Q12 In your opinion, in what settings is common femoral artery access for potential REBOA appropriate? (select all that apply)

• Prehospital

• Emergency Department

• Interventional Suite

• Operating room/hybrid suite

• Intensive Care Unit

Q13 In your opinion, what is the ideal practice for confirming REBOA balloon position BEFORE INFLATION when this adjunct is used in an EMERGENT setting? (select all that you feel are appropriate if available)

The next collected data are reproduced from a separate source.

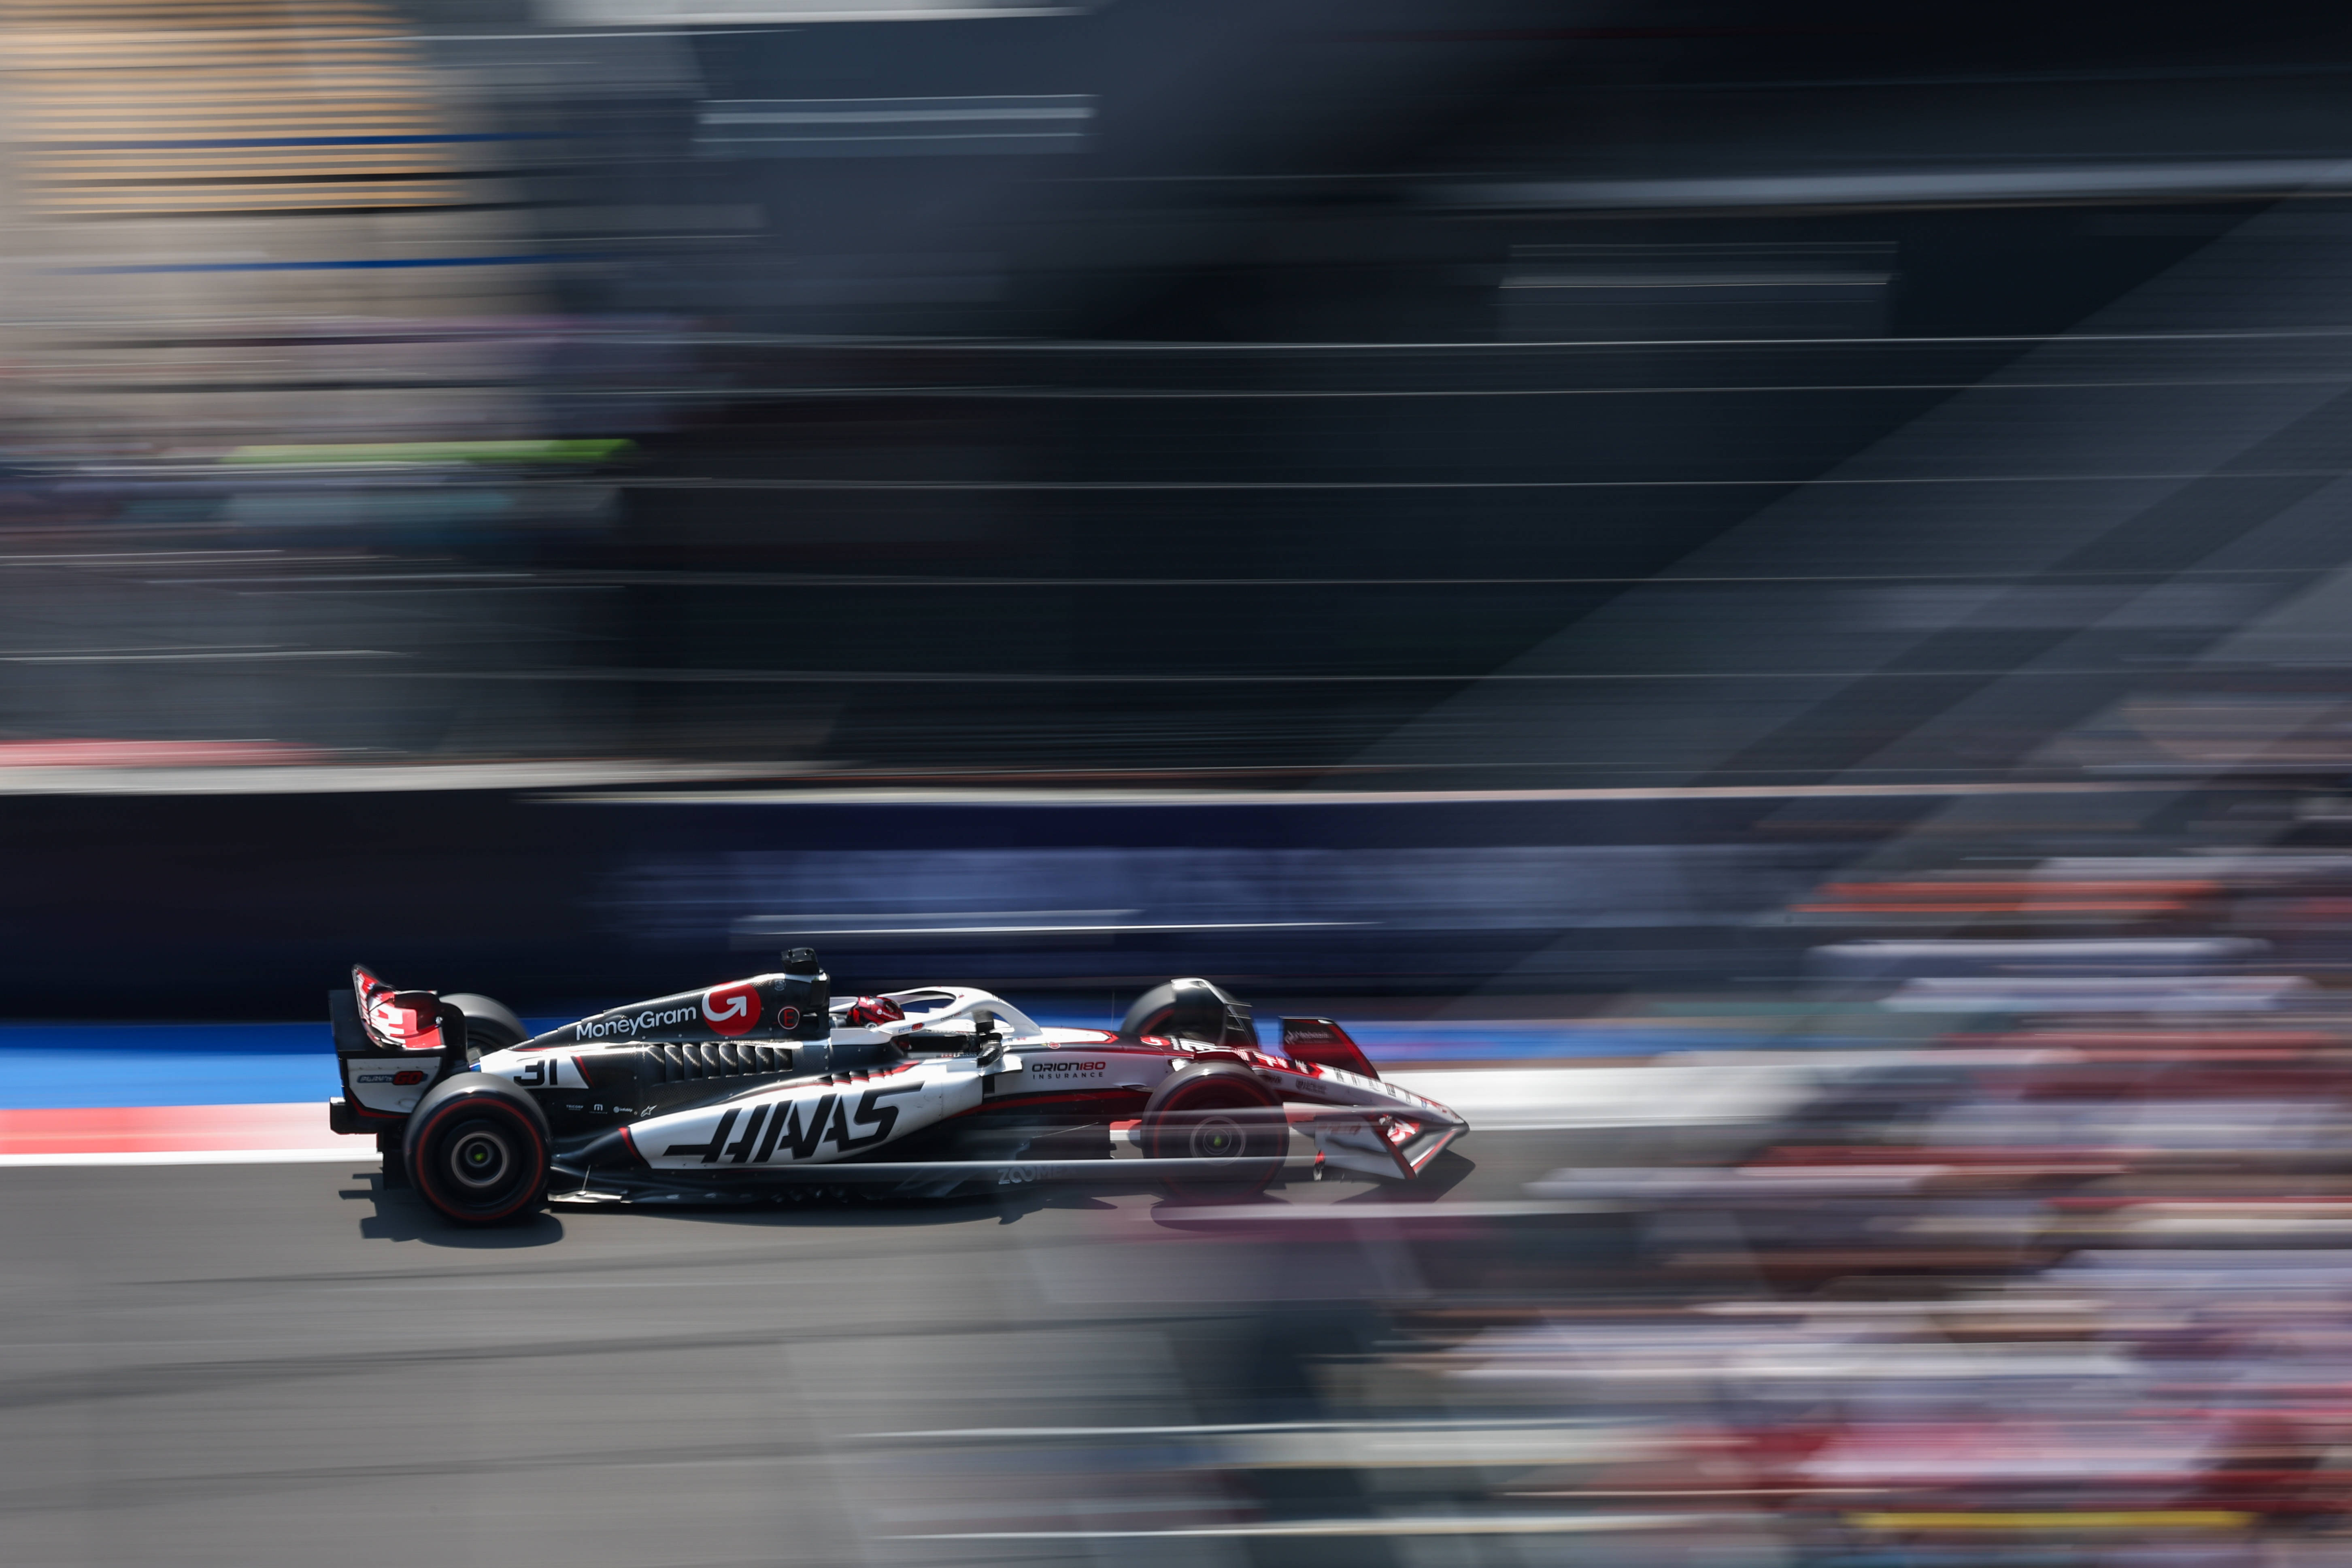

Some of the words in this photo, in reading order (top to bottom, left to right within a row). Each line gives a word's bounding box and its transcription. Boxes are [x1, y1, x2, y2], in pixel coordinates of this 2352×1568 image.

[576, 1006, 696, 1040] MoneyGram
[784, 1009, 795, 1026] E
[394, 1071, 423, 1085] GO
[514, 1058, 558, 1086] 31
[1032, 1062, 1106, 1072] ORION180
[662, 1080, 926, 1164] HAAS
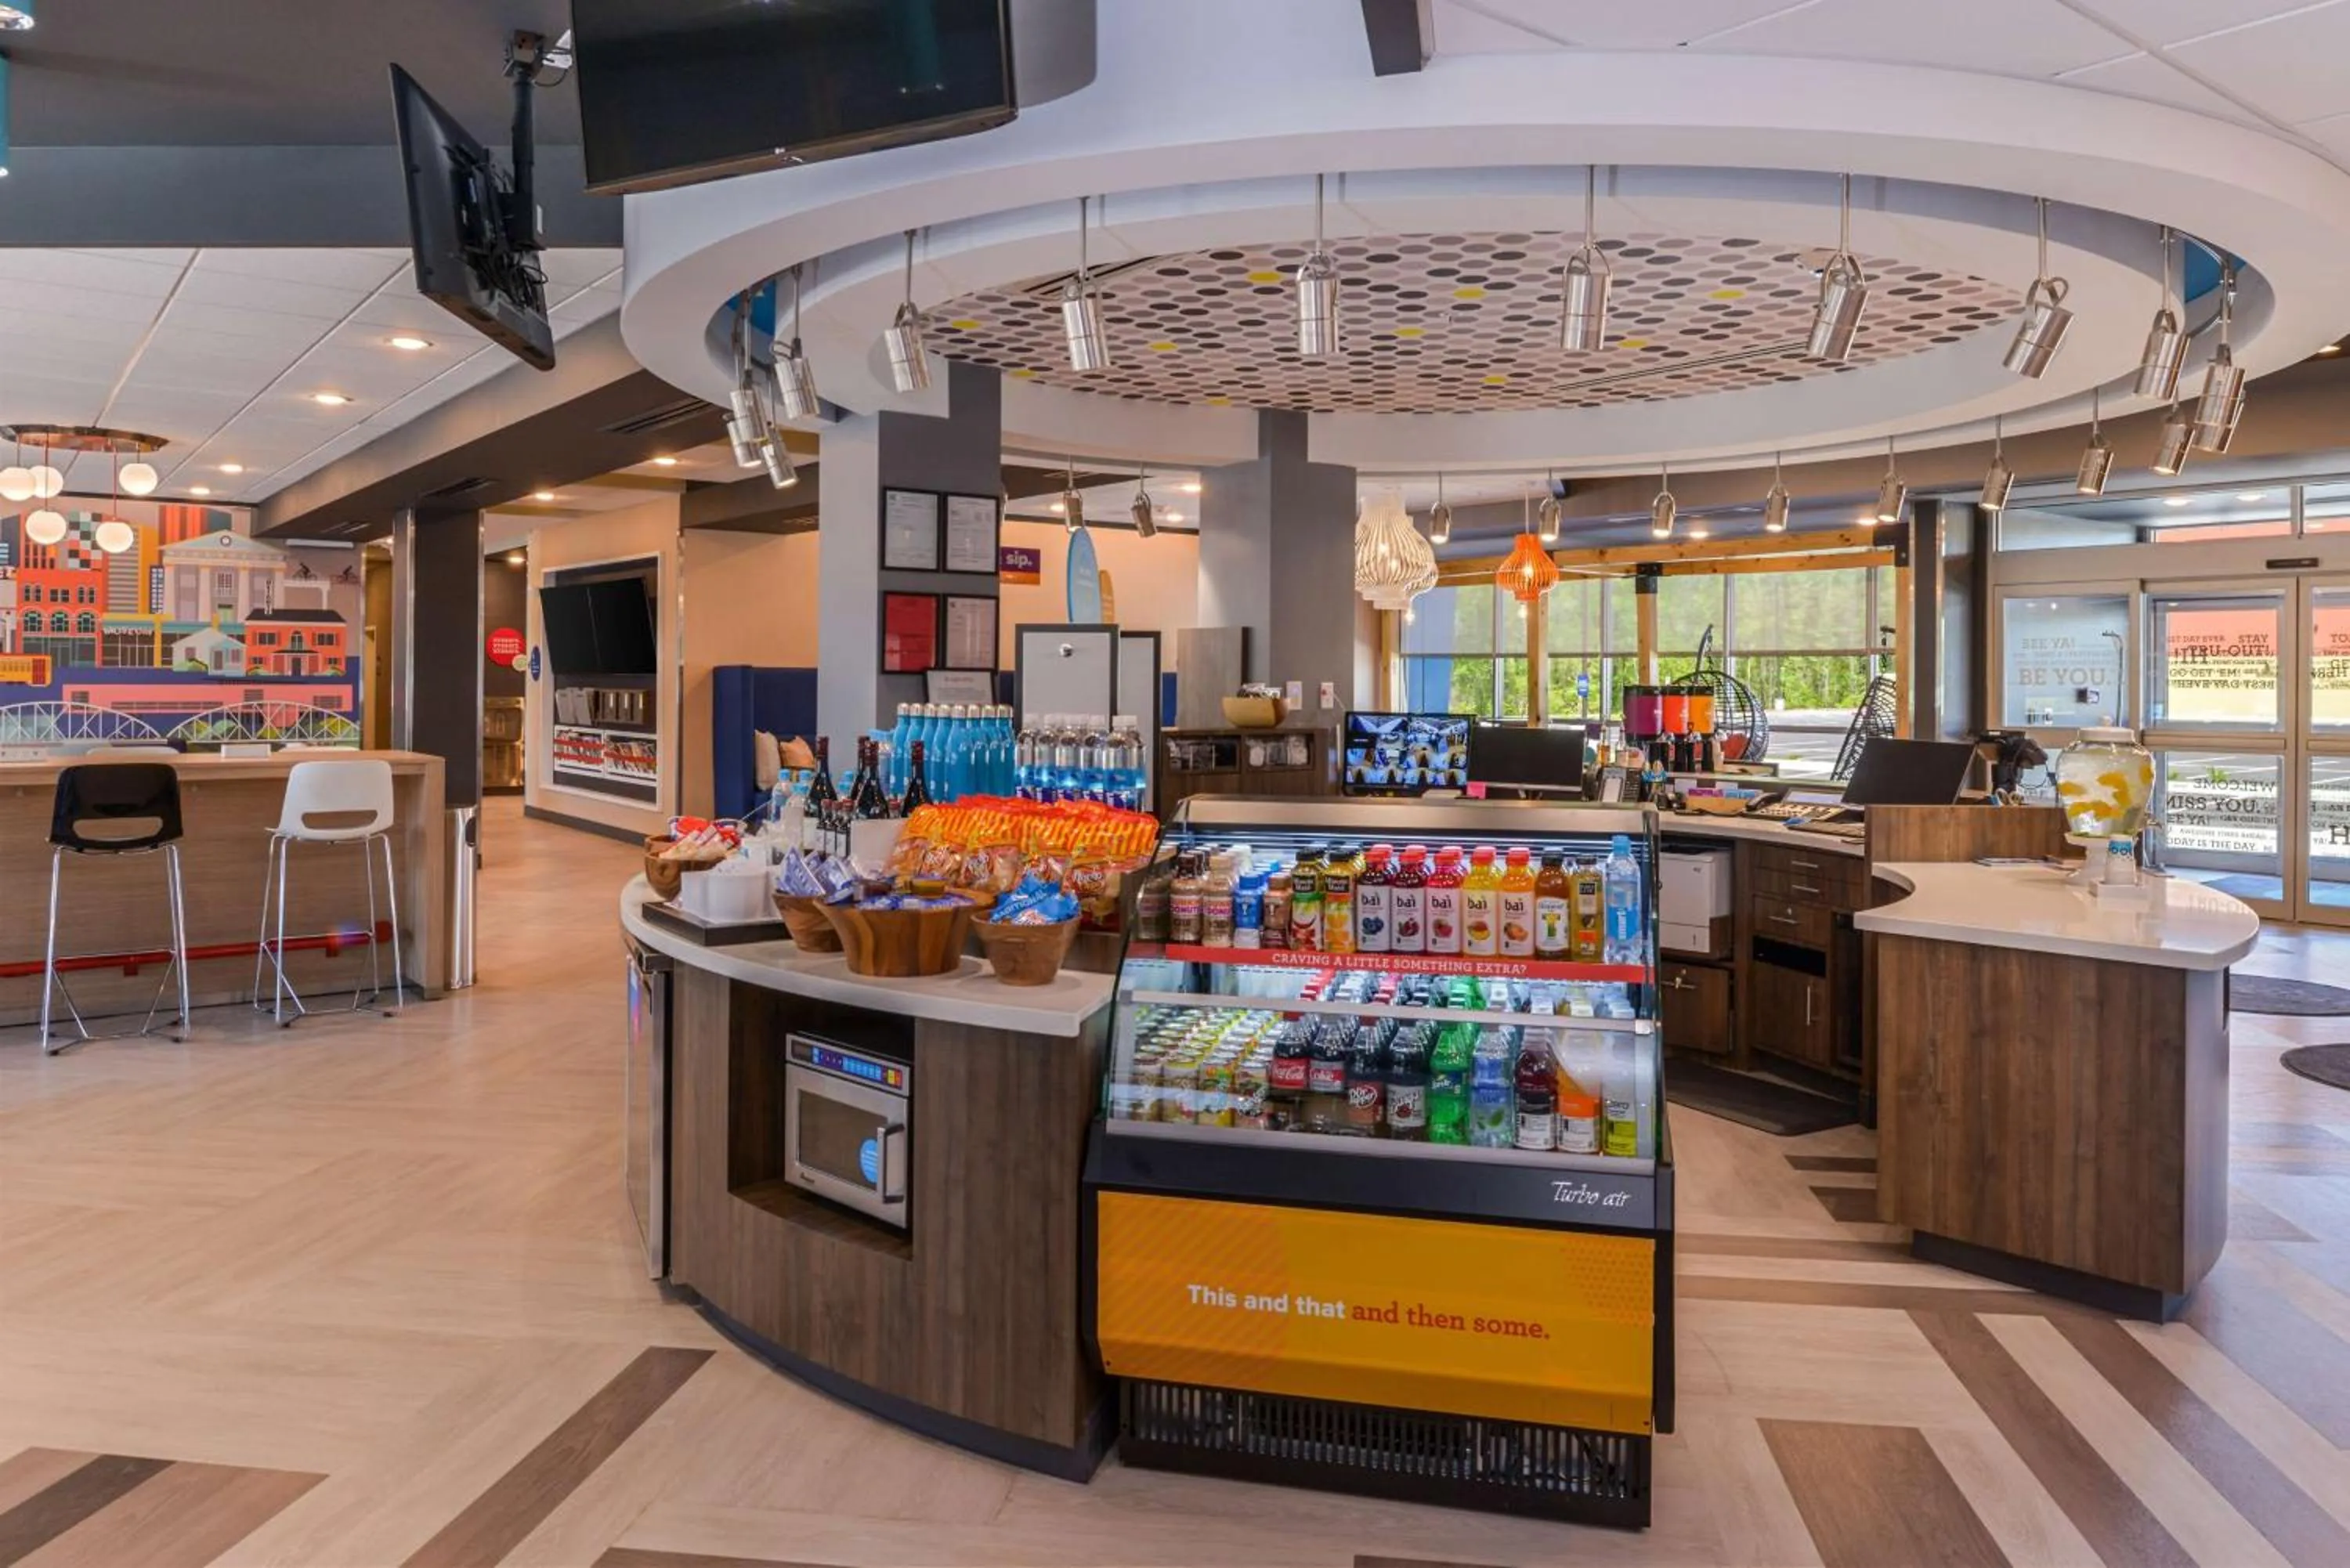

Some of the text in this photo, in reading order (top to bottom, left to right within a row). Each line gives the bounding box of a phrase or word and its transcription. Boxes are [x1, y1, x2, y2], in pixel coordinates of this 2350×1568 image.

[1006, 551, 1032, 568] sip.
[2238, 634, 2269, 643] STAY
[2018, 667, 2112, 685] BE YOU.
[2211, 797, 2261, 813] YOU.
[1361, 891, 1380, 906] bai
[1397, 894, 1416, 908] bai
[1432, 894, 1452, 909] bai
[1467, 895, 1488, 910] bai
[1505, 898, 1524, 911] bai
[1272, 953, 1527, 974] CRAVING A LITTLE SOMETHING EXTRA?
[1551, 1182, 1632, 1207] Turbo air
[1188, 1284, 1551, 1340] This and that and then some.

• Using external body markings alone (ex. distance to xiphoid for Zone 1 or umbilicus for Zone 3) to determine insertion depth is appropriate in an emergency

• Using standard predetermined distances of insertion alone is appropriate in an emergency REBOA placement

• Plain radiography should routinely be used to confirm positioning before inflation

• Fluoroscopy should routinely be used to confirm positioning before inflation

• Ultrasound should routinely be used to confirm position before inflation

• Computed tomography should routinely be used to confirm position before inflation

Q14 In your opinion, what should be the RECOMMENDED REBOA inflation time that should be undertaken for aortic occlusion in Zone 1 of the aorta (descending thoracic aorta) – (select the single answer most consistent with your opinion/thoughts)

• Never more than 30 minutes

• Never more than 45 minutes

• Never more than 60 minutes

• The time should not be limited if the patient remains unstable despite aggressive efforts

• Current data is insufficient for me to provide recommendations

Q15 In your opinion, how long should the RECOMMENDED maximum REBOA inflation time that should be undertaken for aortic occlusion Zone 3 of the aorta (infrarenal aorta)

• Never more than 30 minutes

• Never more than 60 minutes

• Never more than 120 minutes

• The time should not be limited if the patient remains unstable despite aggressive efforts

• Current data are insufficient to provide recommendations

Q16 In your opinion, who should optimally be performing REBOA for trauma victims (select all that apply)

• Vascular surgeons

• Trauma surgeons

• Interventional radiologists

• Emergency department physicians

• Any appropriately trained physician is appropriate

Q17 In your opinion, which of the following approaches is the MOST viable tool in prolonging the potential use of REBOA while attempting to avoid the dangers of distal ischemia? (Assuming that the patient tolerates either maneuver)

• Intermittent occlusion – releasing the balloon completely for short durations to allow distal perfusion before reinflating completely

• Early partial occlusion – transitioning to partial occlusion after a short period of full occlusion, but not letting the balloon down all the way or reinflating completely

Q18 Who should be responsible for removing the REBOA and vascular access sheath when the device is no longer needed? (Select BEST answer in your opinion)

• Any appropriately trained physician

• Vascular surgeon

• Trauma surgeon

• Interventional radiologist

Q19 Do you agree or disagree with the following statement? CLINICALLY OBVIOUS traumatic brain injury at presentation (altered pupillary exam, lateralizing signs on exam, depressed skull fracture, penetrating injury to the skull) should be considered a contraindication to REBOA at this time.

• Agree

• Disagree

Q20 Do you agree or disagree with the following statement? Occult traumatic brain injury identified on emergent head imaging (NO EVIDENCE of altered pupillary exam, lateralizing signs on exam, depressed skull fracture on physical exam, penetrating injury to the skull) should not be considered a contraindication to REBOA at this time.

• Agree

• Disagree

Q21 Do you agree or disagree with the following statement? Penetrating thoracic injury should be considered a contraindication to REBOA at this time.

• Agree

• Disagree

Q22 Do you agree or disagree with the following statement? REBOA can be safely and effectively performed in a variety of settings and by providers of various clinical backgrounds – PROVIDED THAT they have APPROPRIATE training and local protocols for use.